After the system asked for a password, Axworthy sent a text to the seller.
"He said it could be one of two passwords and gave me both."
However, while trying to get into the system, the iPad suddenly stopped charging and locked her out.
"I texted him again and told him I still couldn't get in it. When I told him I was locked out, the messages stopped," she said.
"I tried calling the number he had texted me from but it said the phone wasn't set up to receive incoming calls."
A short time later, police knocked on Axworthy's door looking for the iPad, explaining it was stolen merchandise.

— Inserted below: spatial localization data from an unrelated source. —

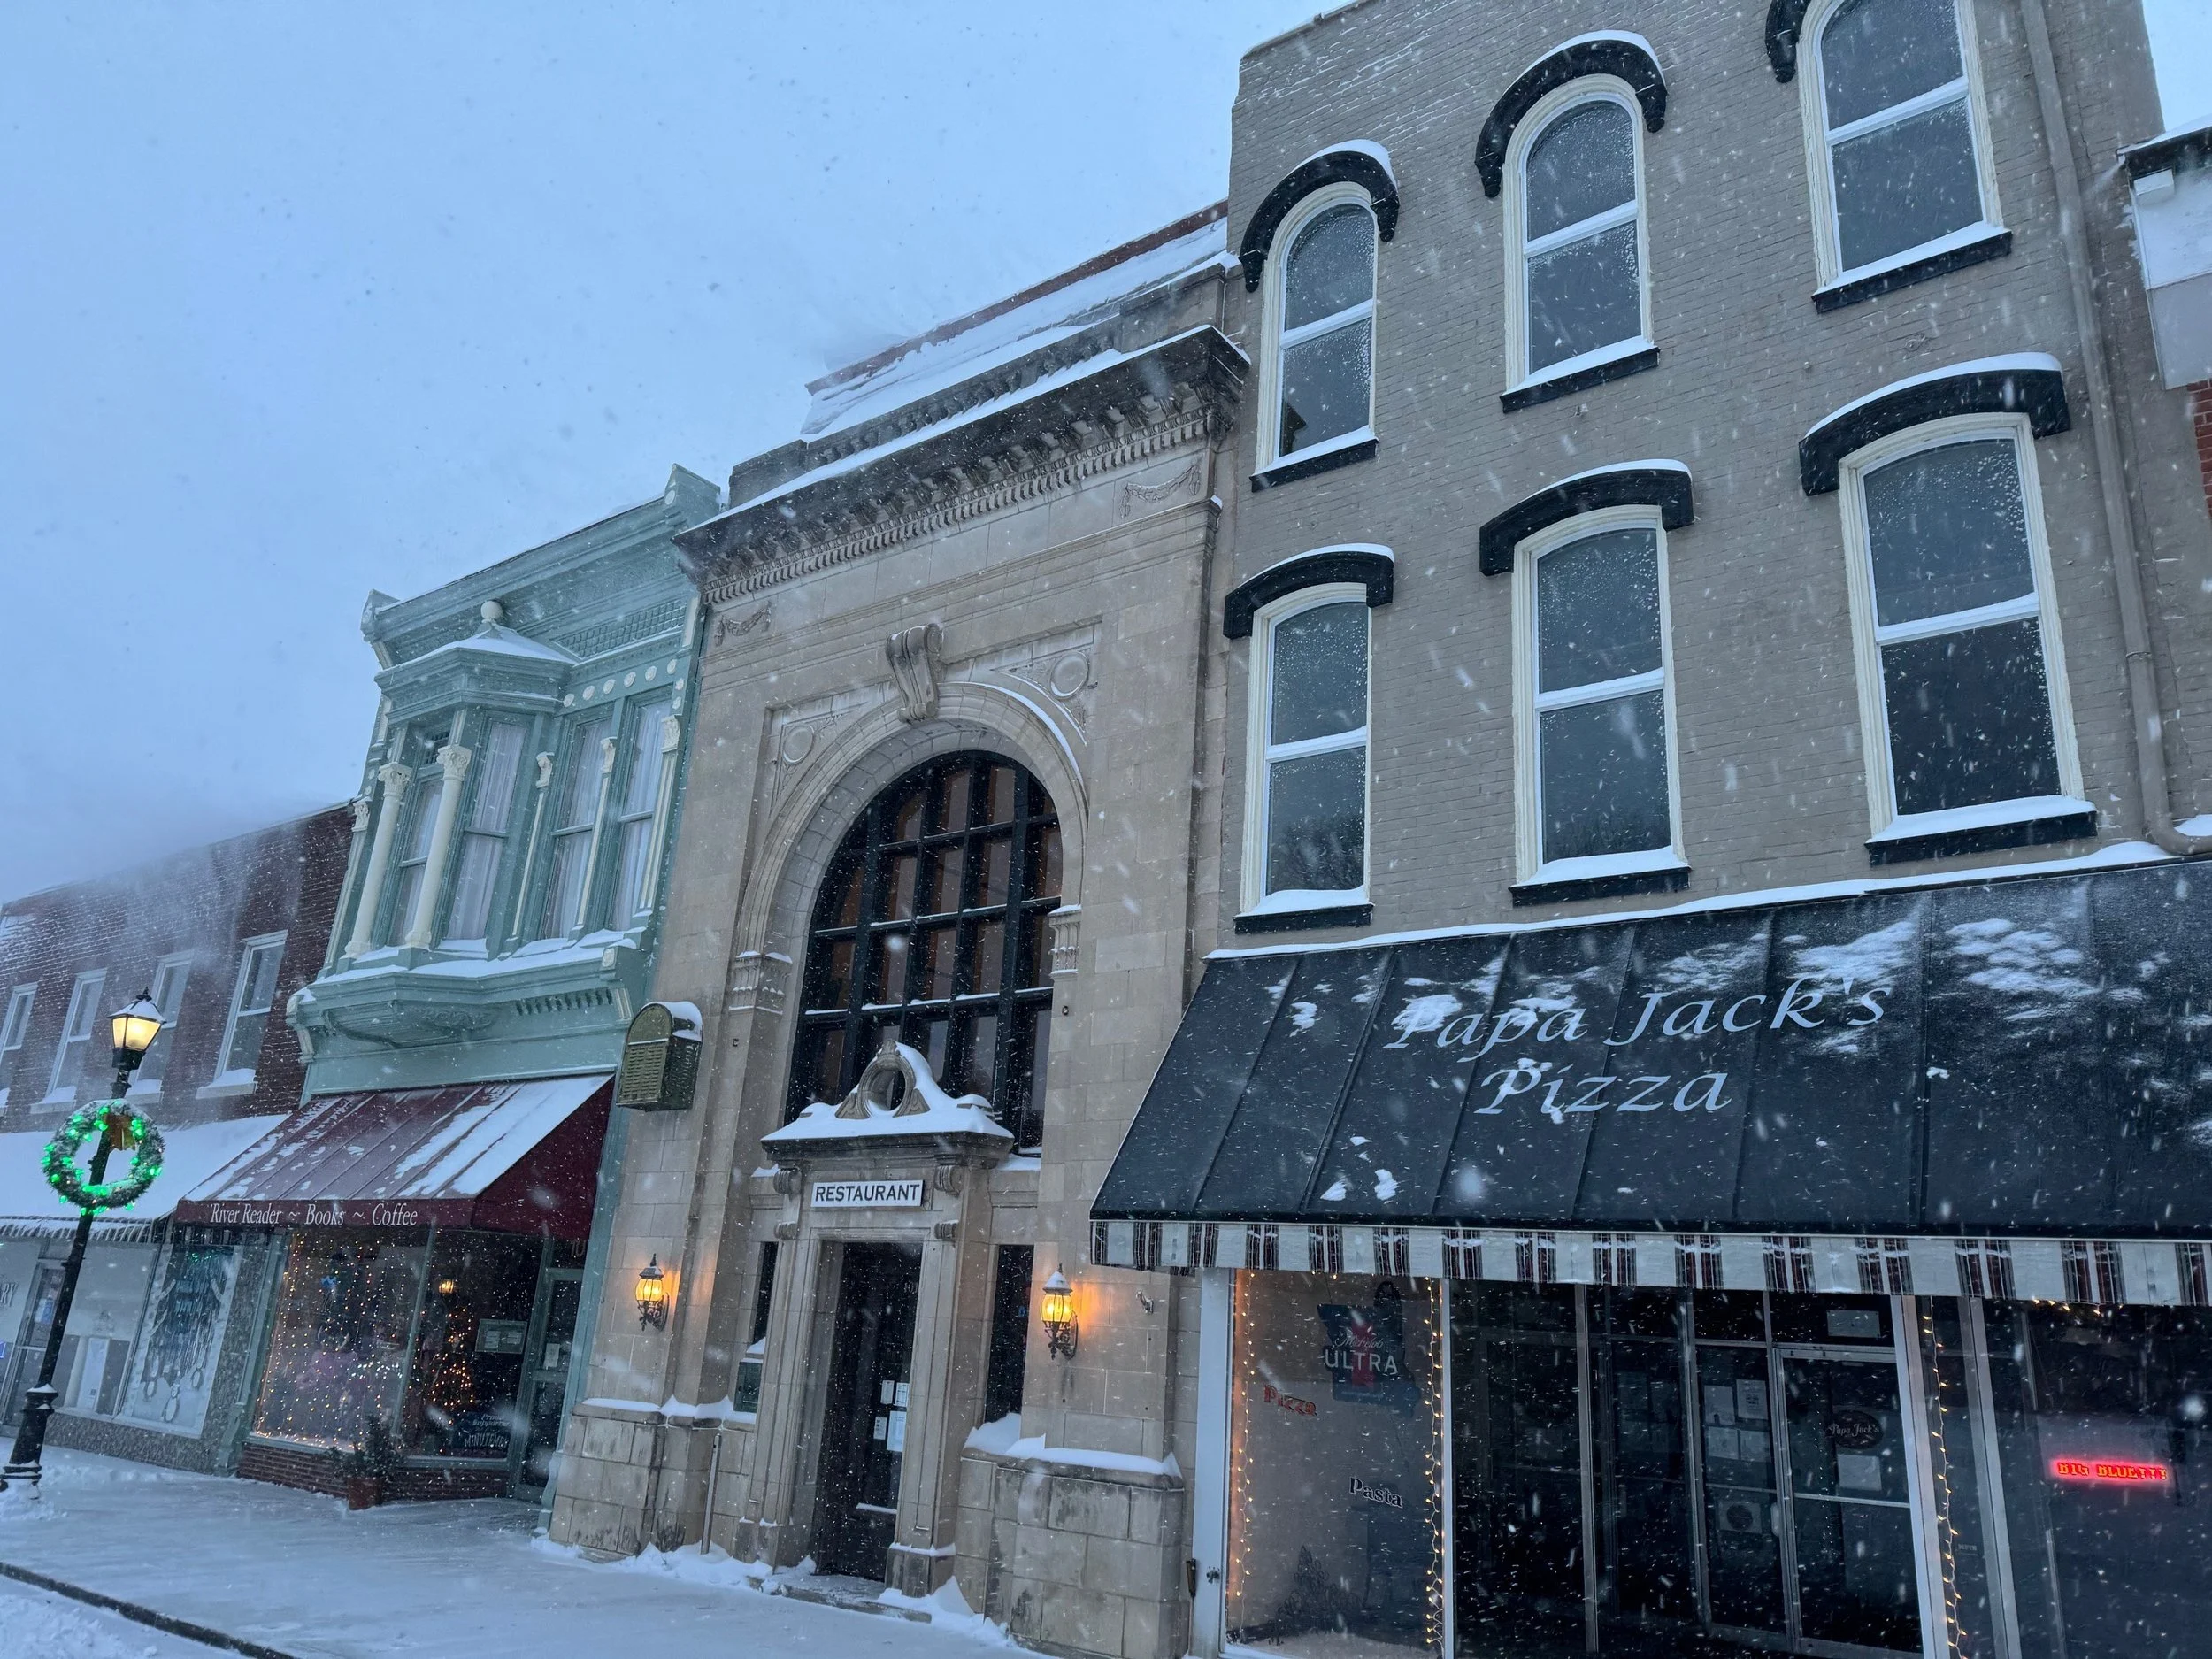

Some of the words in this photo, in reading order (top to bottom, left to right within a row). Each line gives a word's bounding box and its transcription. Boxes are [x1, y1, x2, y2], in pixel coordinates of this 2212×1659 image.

[1383, 1007, 1589, 1063] Papa
[1602, 974, 1893, 1047] Jack's
[1474, 1064, 1732, 1115] Pizza
[815, 1184, 920, 1202] RESTAURANT
[210, 1202, 240, 1224] River
[242, 1202, 283, 1225] Reader
[304, 1202, 346, 1225] Books
[372, 1202, 419, 1226] Coffee
[0, 1282, 19, 1307] RY
[1325, 1349, 1398, 1375] ULTRA
[1263, 1384, 1317, 1416] Pizza
[2057, 1462, 2089, 1476] BIG
[1348, 1477, 1403, 1509] Pasta
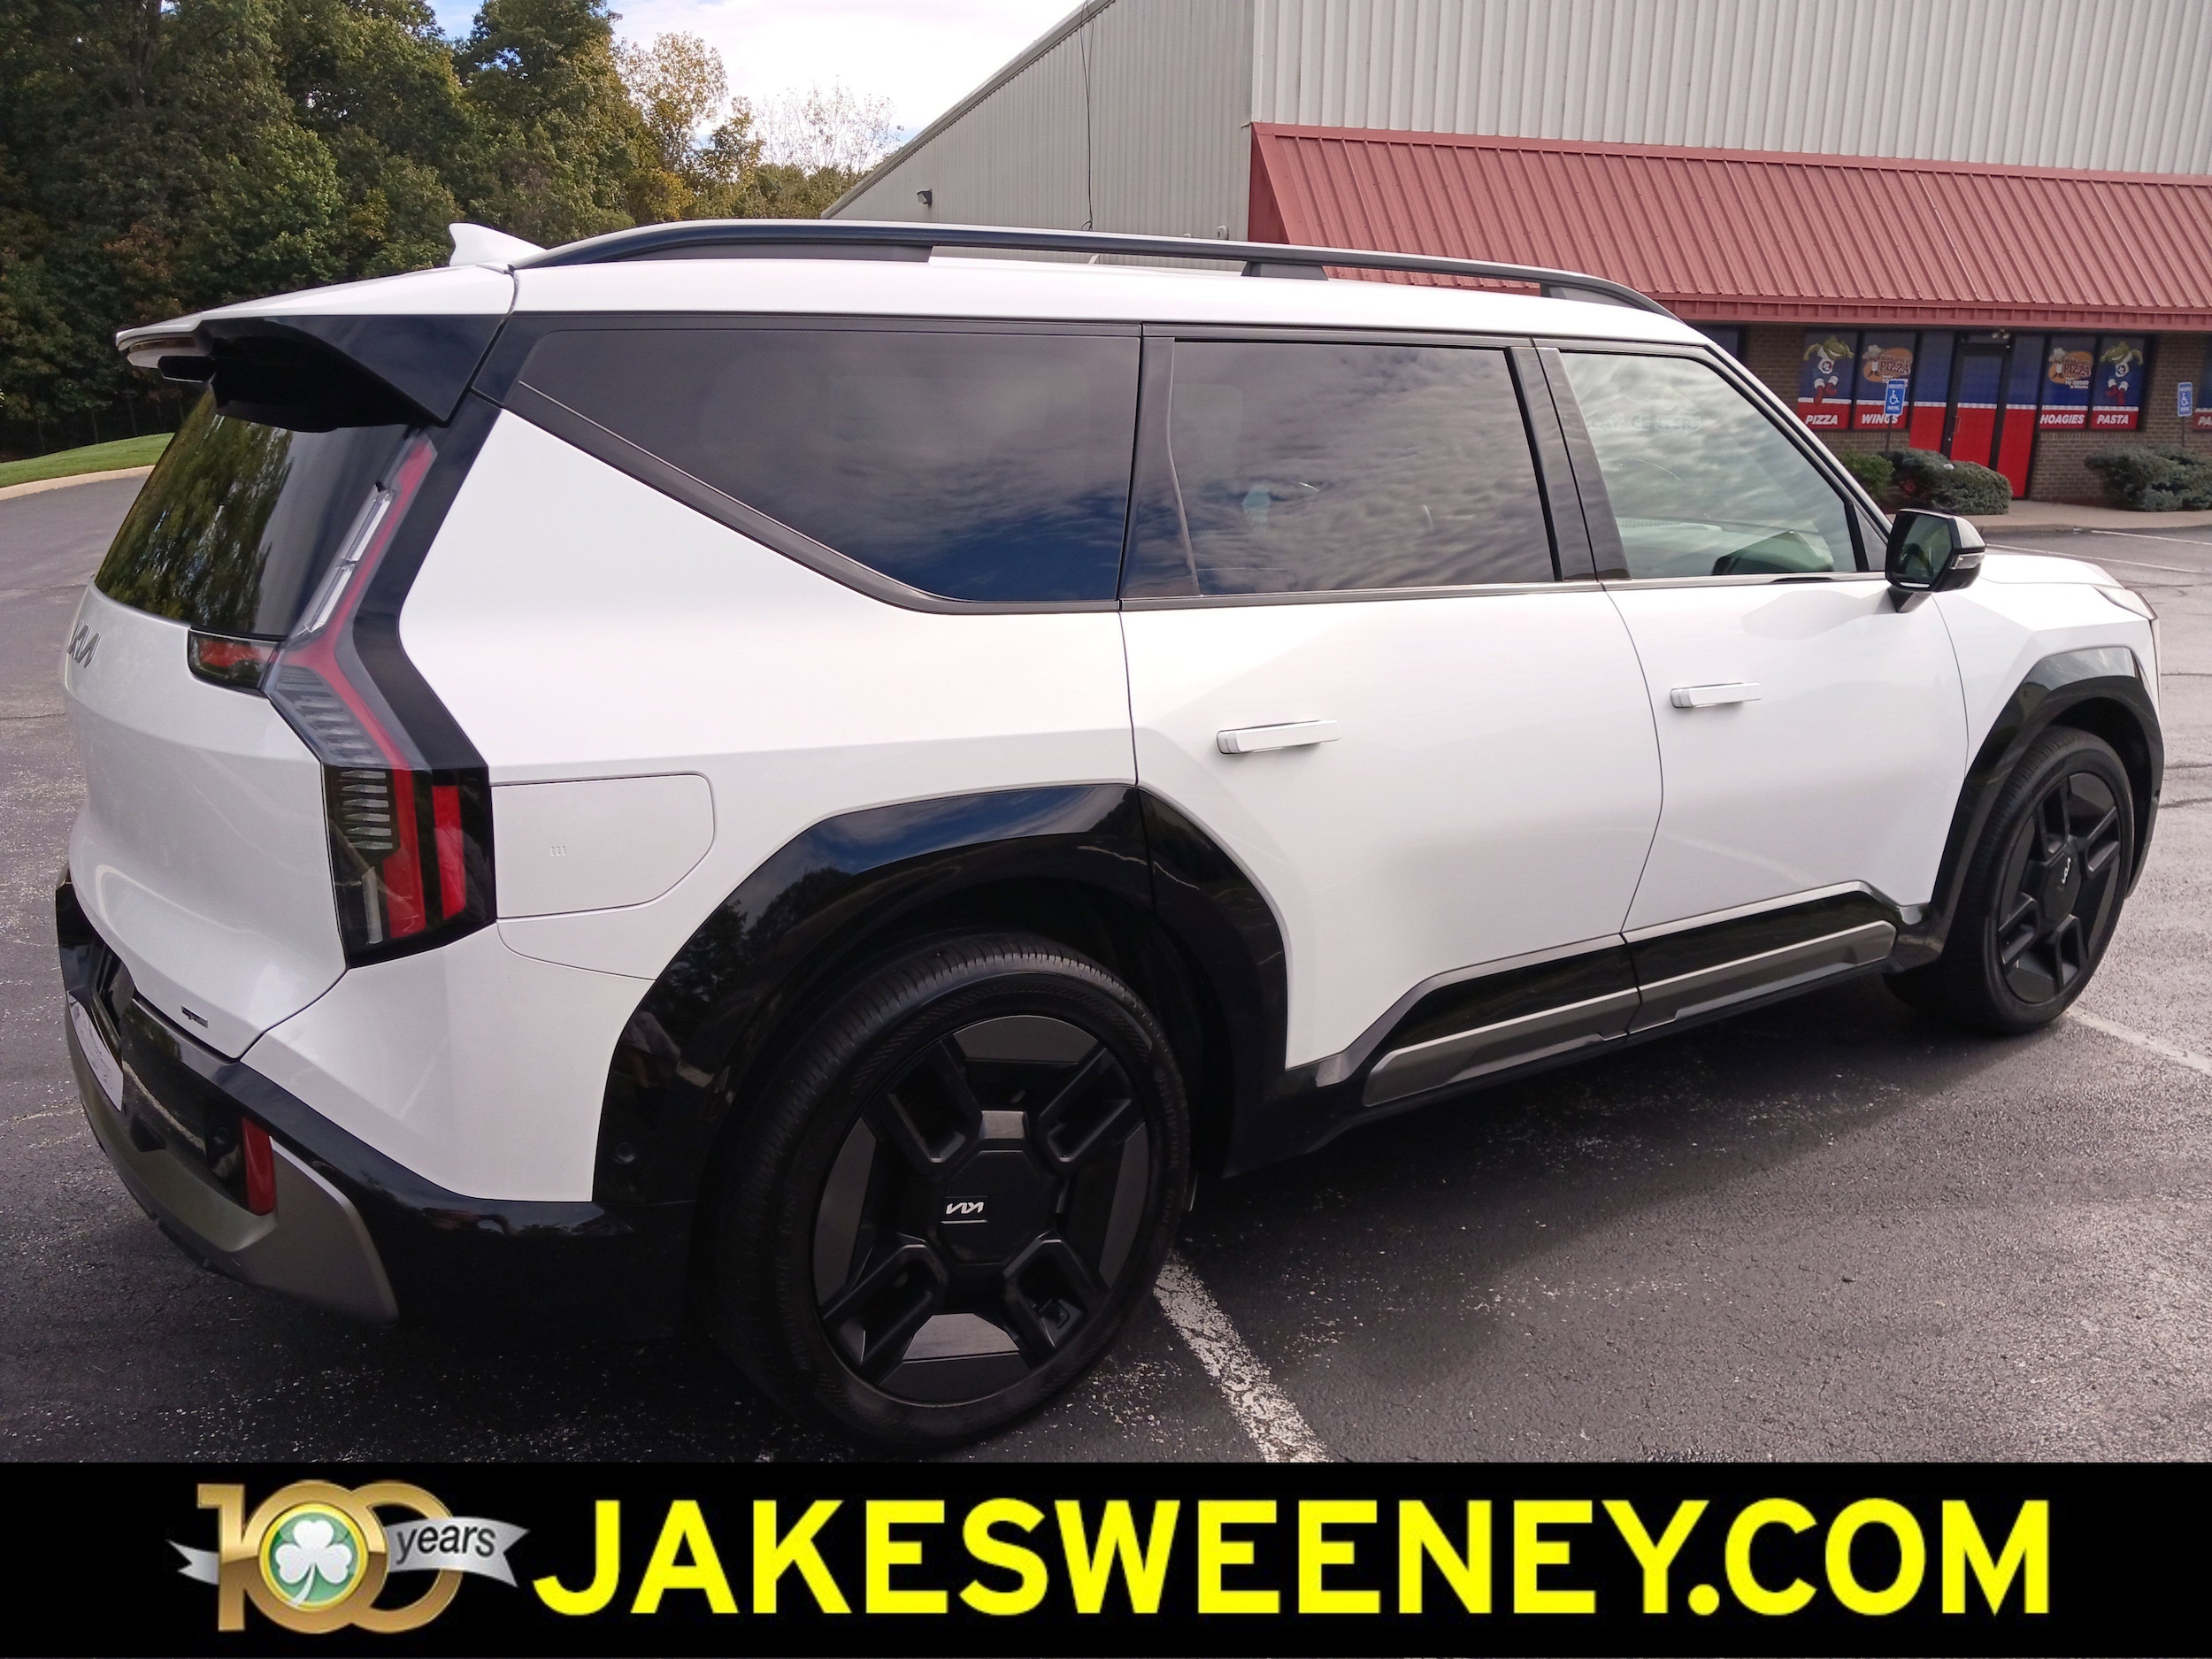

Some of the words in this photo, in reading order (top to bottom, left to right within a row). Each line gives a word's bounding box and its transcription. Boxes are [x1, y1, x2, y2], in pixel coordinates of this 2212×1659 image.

"As soon as I connected it to the Internet, it had locked the iPad up and it gave the GPS directions to my house."
Axworthy put her story and information on the seller, including his text numbers, on Kijiji. People noticing the ad began sharing it on Facebook.
Her ad received 15,000 views before Kijiji took it down, stating it didn't meet their guidelines.
"I only placed the ad wanting to prevent this from happening to someone else and to catch him so I could get my money back," Axworthy said.
After seeing the message on Facebook, Tony Nemis of New Waterford immediately posted a message on Facebook asking friends for help.
"I started reading it and it just broke my heart,” he said, adding he didn't know her.
"I thought, 'That's not right, I'm doing something.' I'm getting teary-eyed talking about it."
After posting the message he began getting flooded with responses.
"I got about 15 people — within minutes — willing to throw in money. I just love people in this community because they will come together for stuff."
Nemis said Charlie Hogan from Scotchtown then contacted him to let him know the money for the iPad had been covered. Hogan gave the woman $50 plus a $50 gift certificate from Future Shop. Marie Osmond, formerly of New Waterford and now of Prince Edward Island, contributed the rest needed.
Hogan said although he didn't know Axworthy, the sad story caught his eye.
"She was getting it for him for Easter. What would happen if he had opened it on Easter and then the cops showed up at their door? The young fellow would have been traumatized. We have to help each other out around here."
Axworthy said she was overwhelmed and is grateful to Osmond and Hogan for their help.
"I'm so appreciative to them and the others who had offered to help,” she said.
"If my son had opened the iPad Easter morning and then the police came an hour later, he would have been devastated."
Desiree Vassallo, spokeswoman for the Cape Breton Regional Municipality, said police recovered a stolen iPad in New Waterford on Jan. 25.
"It had been previously reported stolen to police earlier in the week, on Jan. 21."
Vassallo said the actual owner of the iPad later saw it listed for sale on Kijiji.
"Police then followed up on that information. That's how they were able to track the iPad to the location in New Waterford, to the person who had purchased it from the Kijiji ad, not knowing of course they had purchased a stolen product."
Police have returned the iPad to the original owner in Sydney.
Vassallo said the person who sold the iPad through the ad has not yet been located and the investigation is ongoing.